Today we have a special guest blog from Steve Ehrhard, our Quality Assurance Director.
We all know about quality control. We experience the results of it in most everything we encounter. Did I get a good haircut? Are the apples fresh? Did the car get fixed correctly? Will the software actually do what I think it will do? Is the car going to get good gas mileage? There is a lot of activity going on behind the scenes to answer these questions.

When we think of quality, we think of it most often in two ways. First, is the service delivered to us error free or do the goods that we buy come to us without defects or problems? Second, does the product (goods or services) have the necessary design features to meet our needs?
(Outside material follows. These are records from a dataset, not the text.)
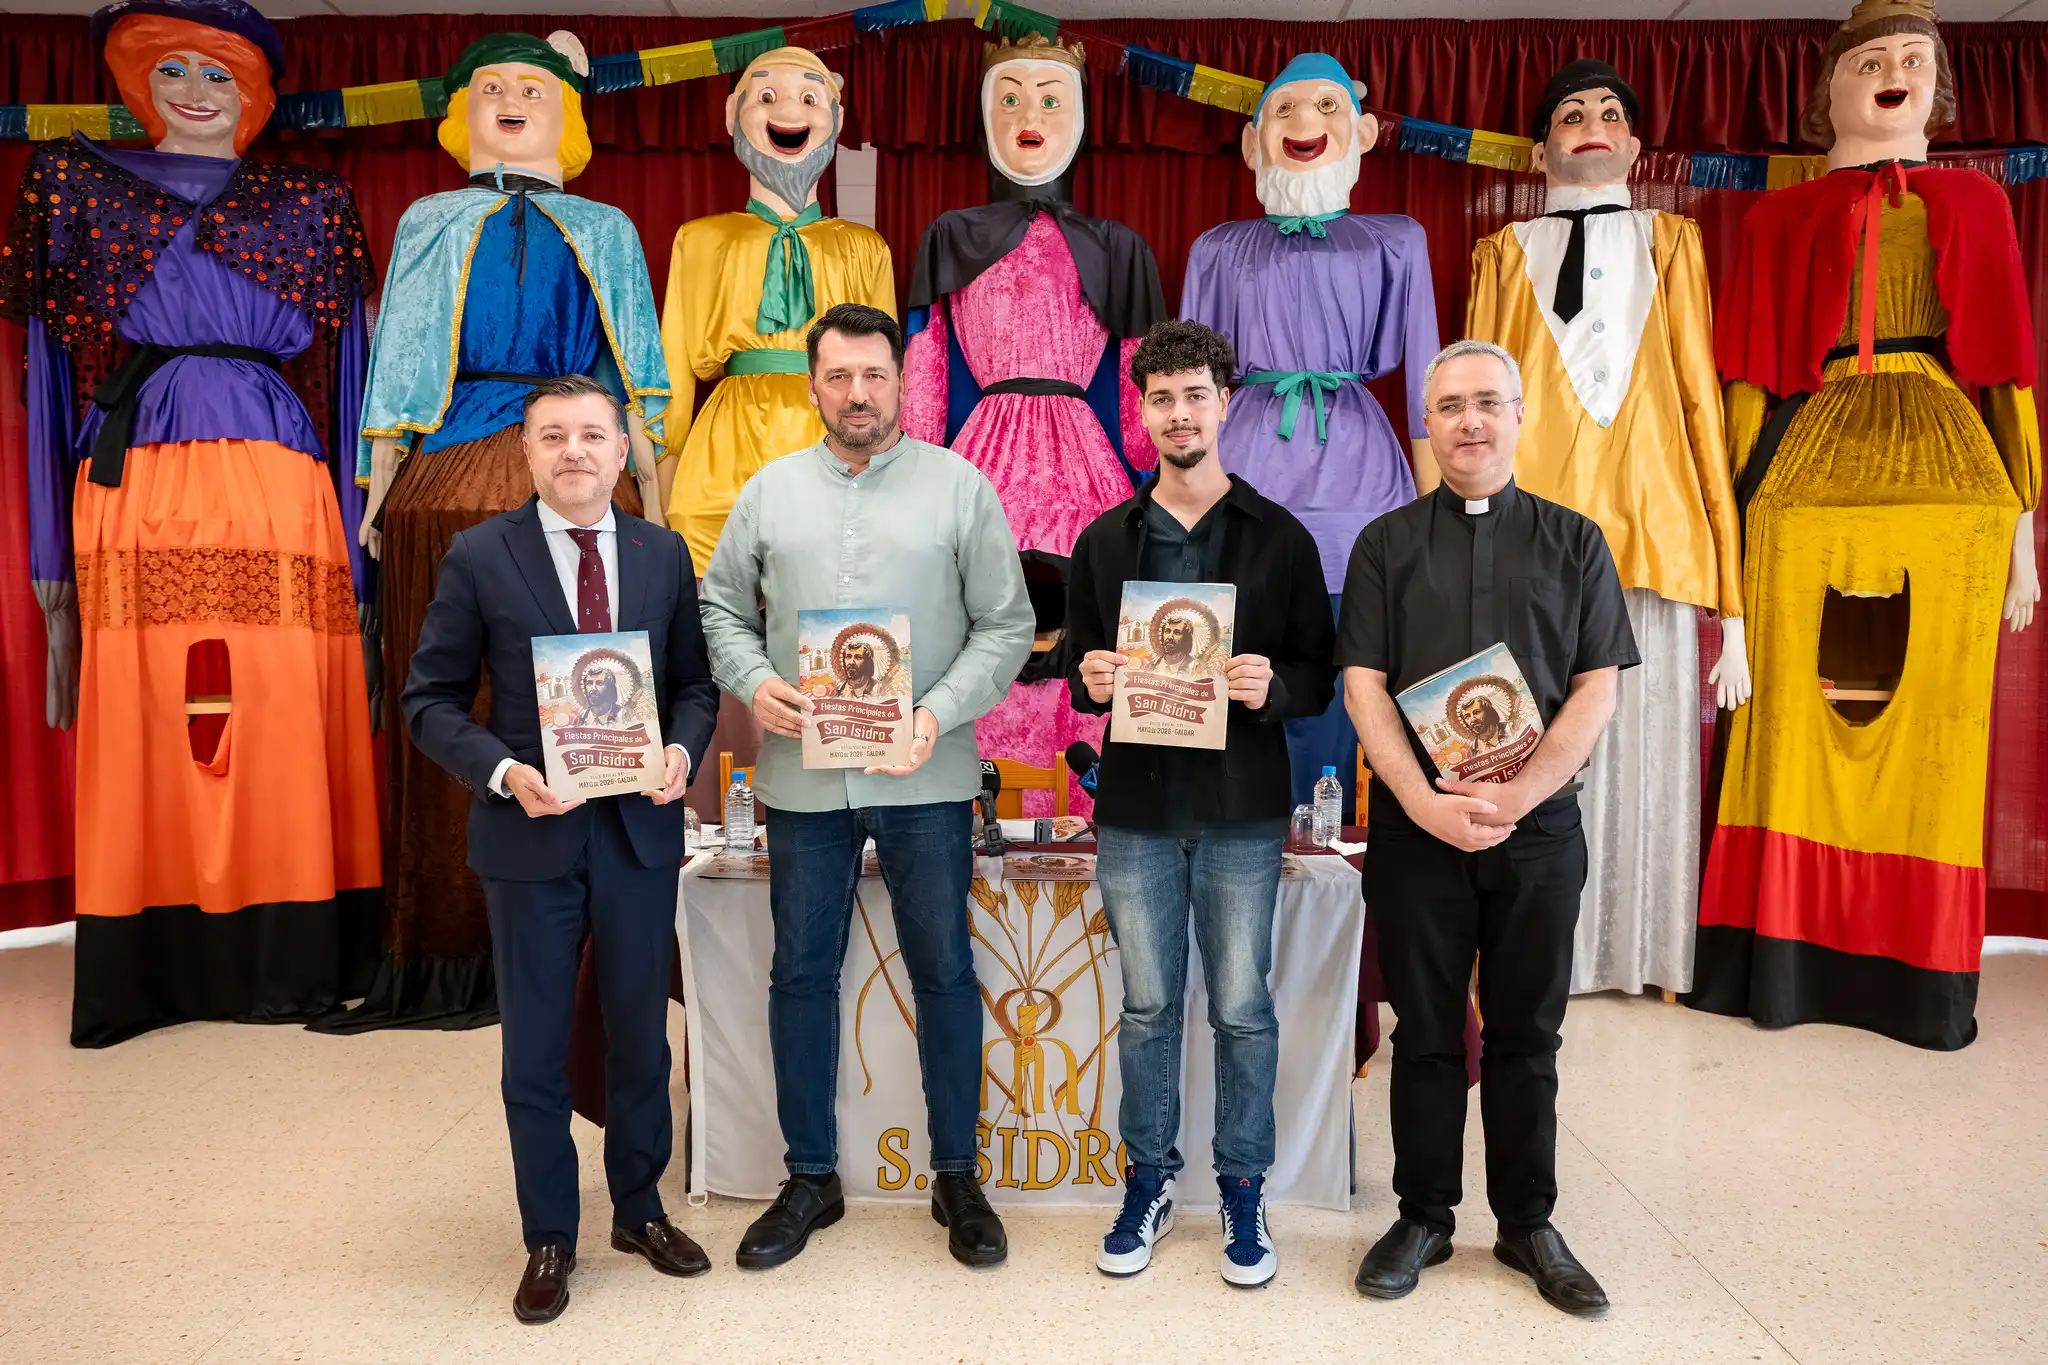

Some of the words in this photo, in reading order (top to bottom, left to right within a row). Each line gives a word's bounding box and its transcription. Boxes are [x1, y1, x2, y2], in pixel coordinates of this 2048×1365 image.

[1133, 675, 1160, 686] Fiestas
[1160, 680, 1200, 696] Principales
[1200, 690, 1209, 698] de
[820, 702, 847, 712] Fiestas
[847, 704, 886, 717] Principales
[887, 710, 895, 718] de
[1134, 696, 1158, 710] San
[1160, 699, 1197, 720] Isidro
[564, 731, 592, 741] Fiestas
[593, 731, 634, 744] Principales
[634, 735, 643, 743] de
[823, 722, 847, 735] San
[850, 723, 886, 741] Isidro
[569, 752, 594, 765] San
[598, 751, 636, 767] Isidro
[1462, 758, 1490, 774] Fiestas
[1490, 741, 1528, 763] Principales
[877, 1127, 929, 1191] S.
These two ideas, quality in the sense of design and quality in the sense of deficiencies, generalized by Dr. Joseph Juran and others, provides a means to both understand how to think about quality, and how to achieve it. That is, a business of providing goods or services must design the offering to meet needs and deliver it defect free.

Clinical trials have quality considerations. The drug or medical device that is being tested must be provided without defects or, in regulatory terms, adulterated or misbranded. It would be ethically wrong to subject a person to a drug or device that we knew was adulterated or misbranded. In a clinical trial, the drug or device has been designed to achieve a particular diagnostic, therapeutic or disease treating objective. That's, of course, what the trial is designed to confirm. International regulatory bodies have created rules to make sure drug and device manufacturers ensure a quality of design and flaws in the study are prevented.
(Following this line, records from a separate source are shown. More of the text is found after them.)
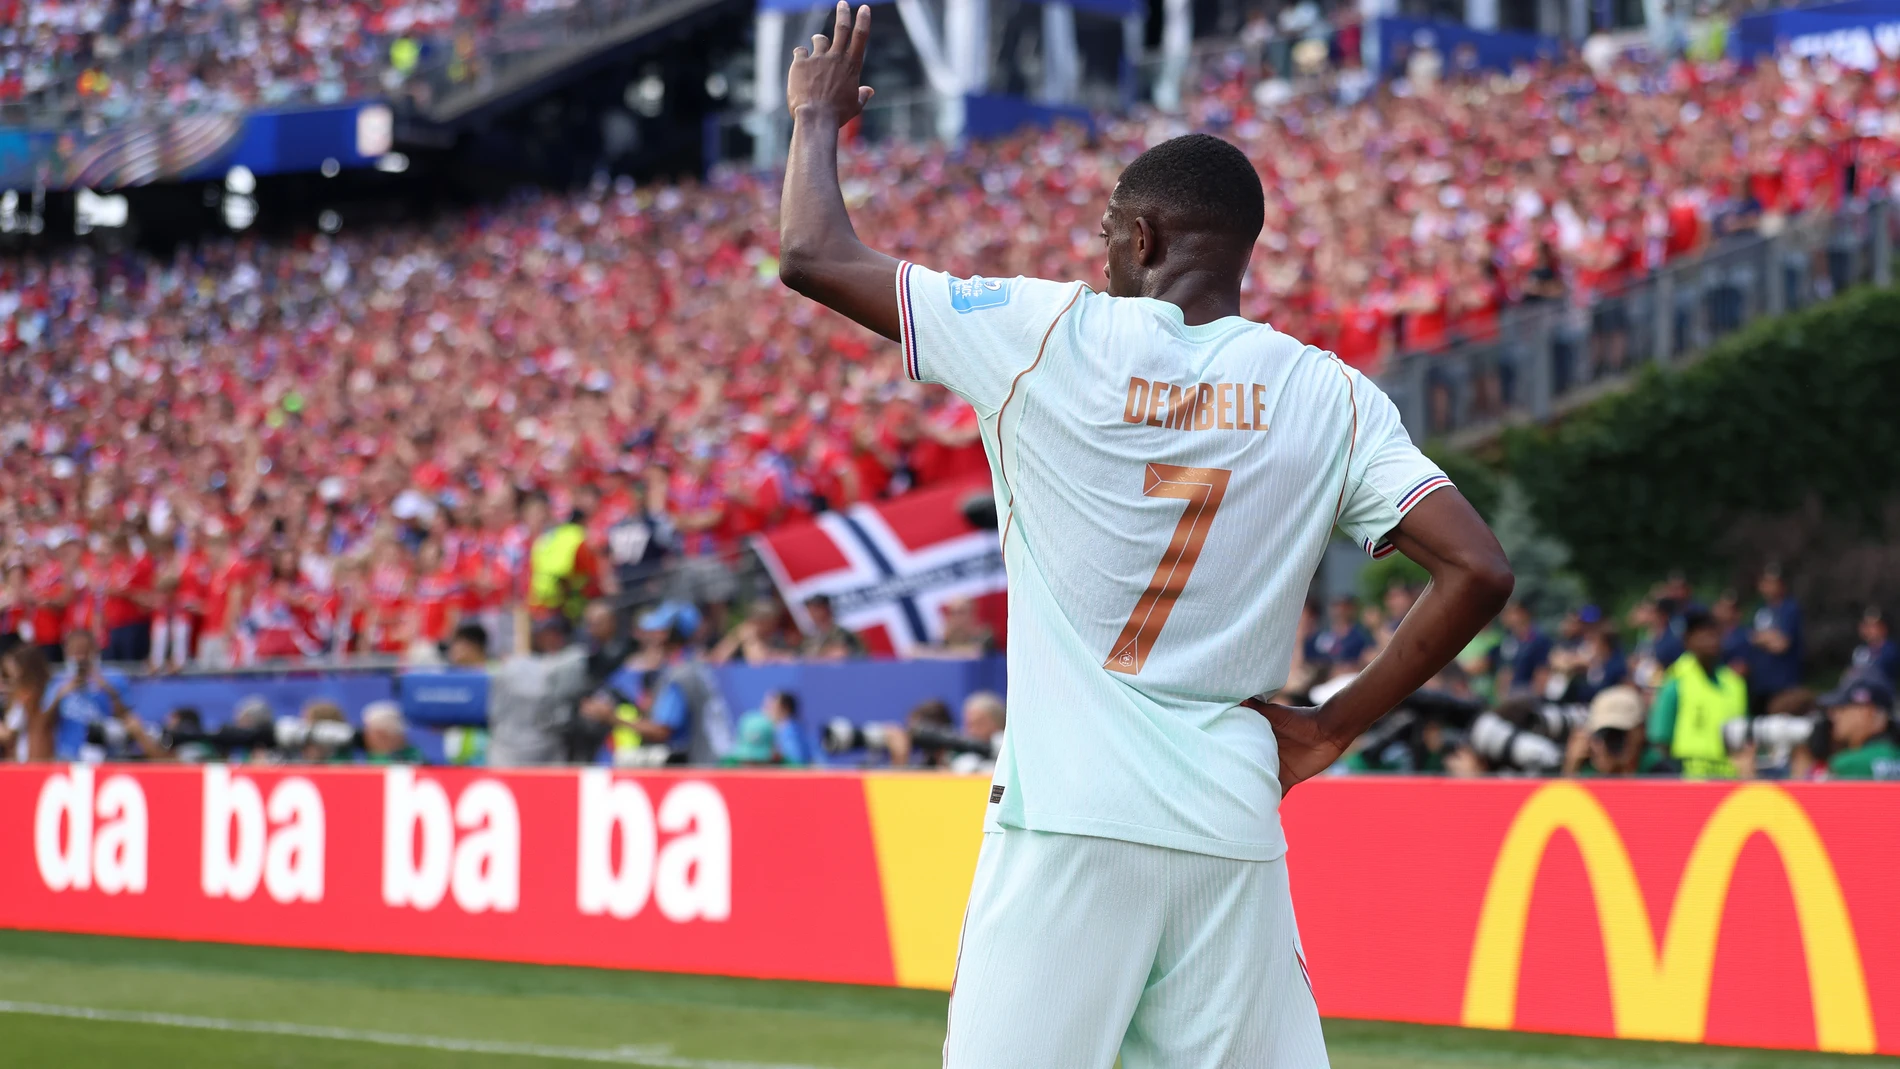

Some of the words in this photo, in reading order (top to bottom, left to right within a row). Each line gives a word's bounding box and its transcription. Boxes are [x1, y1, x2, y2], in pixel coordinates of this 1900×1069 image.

[1123, 376, 1268, 432] DEMBELE
[1103, 462, 1233, 676] 7
[35, 764, 148, 894] da
[202, 764, 325, 904] ba
[382, 765, 520, 913] ba
[576, 767, 732, 922] ba
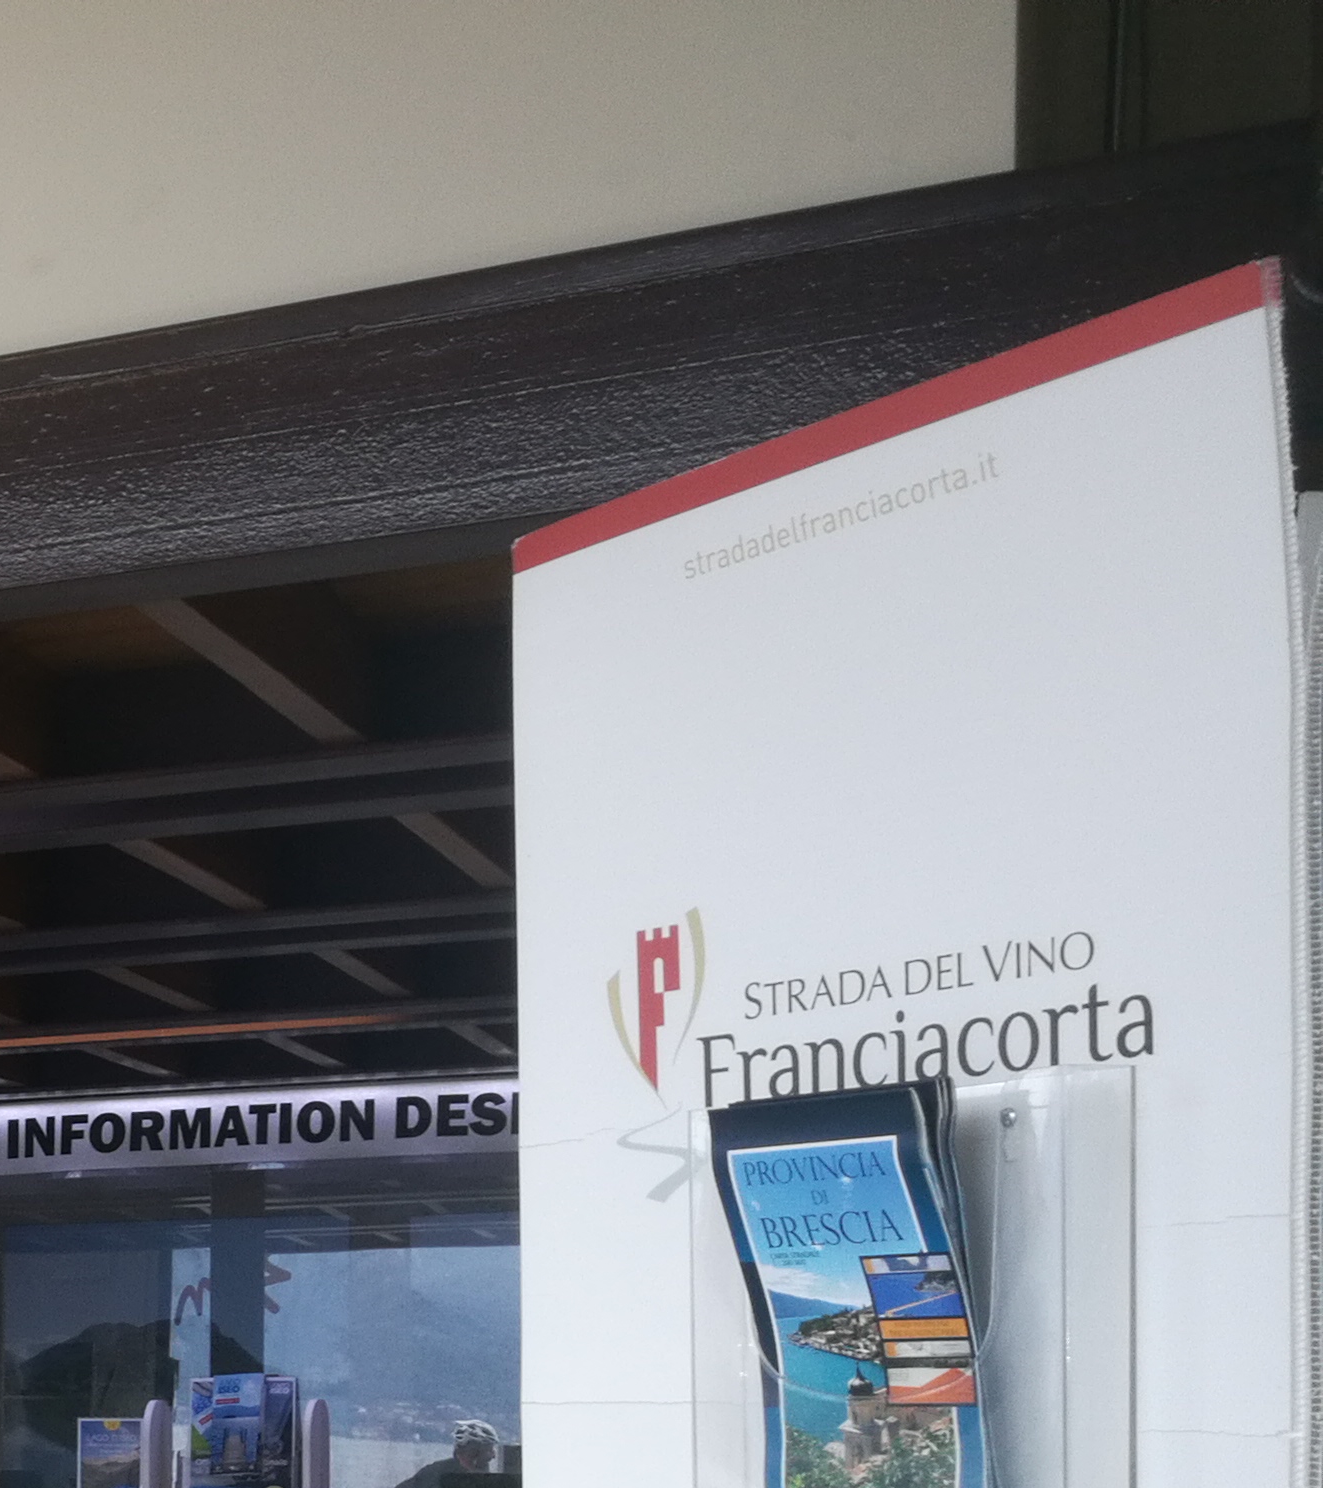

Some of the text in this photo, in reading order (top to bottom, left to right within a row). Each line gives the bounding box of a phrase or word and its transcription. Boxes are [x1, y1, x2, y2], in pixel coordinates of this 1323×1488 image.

[683, 452, 1000, 580] stradadelfranciacorta.it
[744, 931, 1095, 1020] STRADA DEL VINO
[697, 984, 1155, 1108] Franciacorta
[6, 1092, 519, 1160] INFORMATION DES
[743, 1151, 887, 1186] PROVINCIA
[811, 1189, 829, 1206] DI
[760, 1209, 904, 1249] BRESCIA
Clinical trials also have "people" considerations. Are patients subjected to the safest protocols we can design? Is privacy protected (HIPPA)? Did the patient consent to participate? Regulations also require a number of actions and rules that a drug or device clinical trial sponsor must follow to ensure there are no exposures in the design of the trial and no problems with how it is conducted.

Certus International, as a Contract Research Organization, is in the business of managing clinical trials. Our product is information, and we have an extensive set of procedures and activities to ensure that our clinical trials are properly designed and executed. Clinical study protocols and plans undergo extensive analysis ensuring that objectives are clear, achievable and logical for drug or device testing. The design of data collection and analysis is carefully considered to make sure that the diagnostic or therapeutic effect of the drug or device can be discerned. Procedures at the clinical sites are designed to address how study subjects are treated and protected. During the trial, we review data extensively, as it is collected (called source data) verifying that it is accurate and precise (defect free) so that it is analyzed correctly.
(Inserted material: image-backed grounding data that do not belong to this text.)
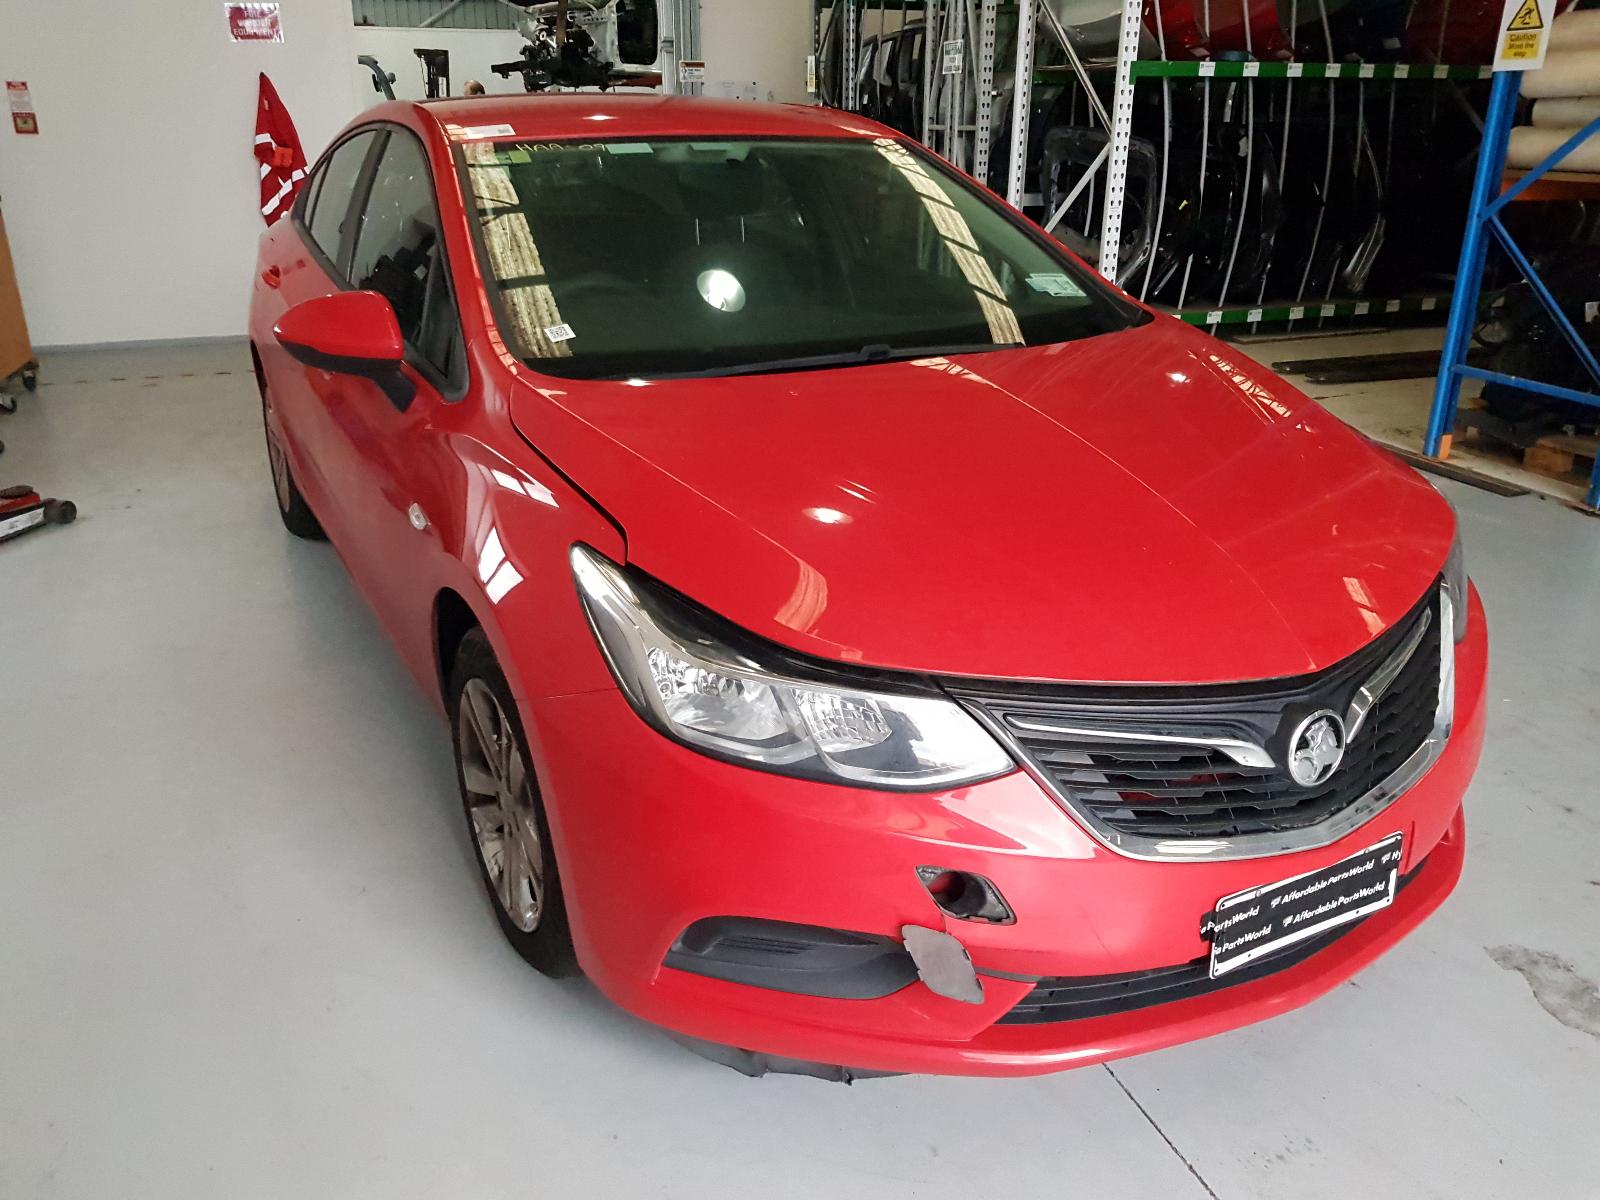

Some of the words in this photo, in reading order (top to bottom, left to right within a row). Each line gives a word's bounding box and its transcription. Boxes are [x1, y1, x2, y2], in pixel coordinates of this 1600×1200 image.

[1510, 33, 1537, 41] Caution
[1281, 880, 1328, 904] Affordable
[1327, 859, 1374, 885] PartsWorld
[1293, 899, 1337, 924] Affordable
[1337, 881, 1385, 905] PartsWorld
[1222, 924, 1272, 952] PartsWorld
Our quality objective provides a clinical trial sponsor with information about the drug or device that is trustworthy and reliable and can be the basis for ultimately approving for use in diagnosing or treating disease. The data we collect, and make sure is sound, through quality assurance, is eventually used to establish a drug or device's safety. In other words, quality assurance means helping people by making sure their drugs and devices are as safe as possible.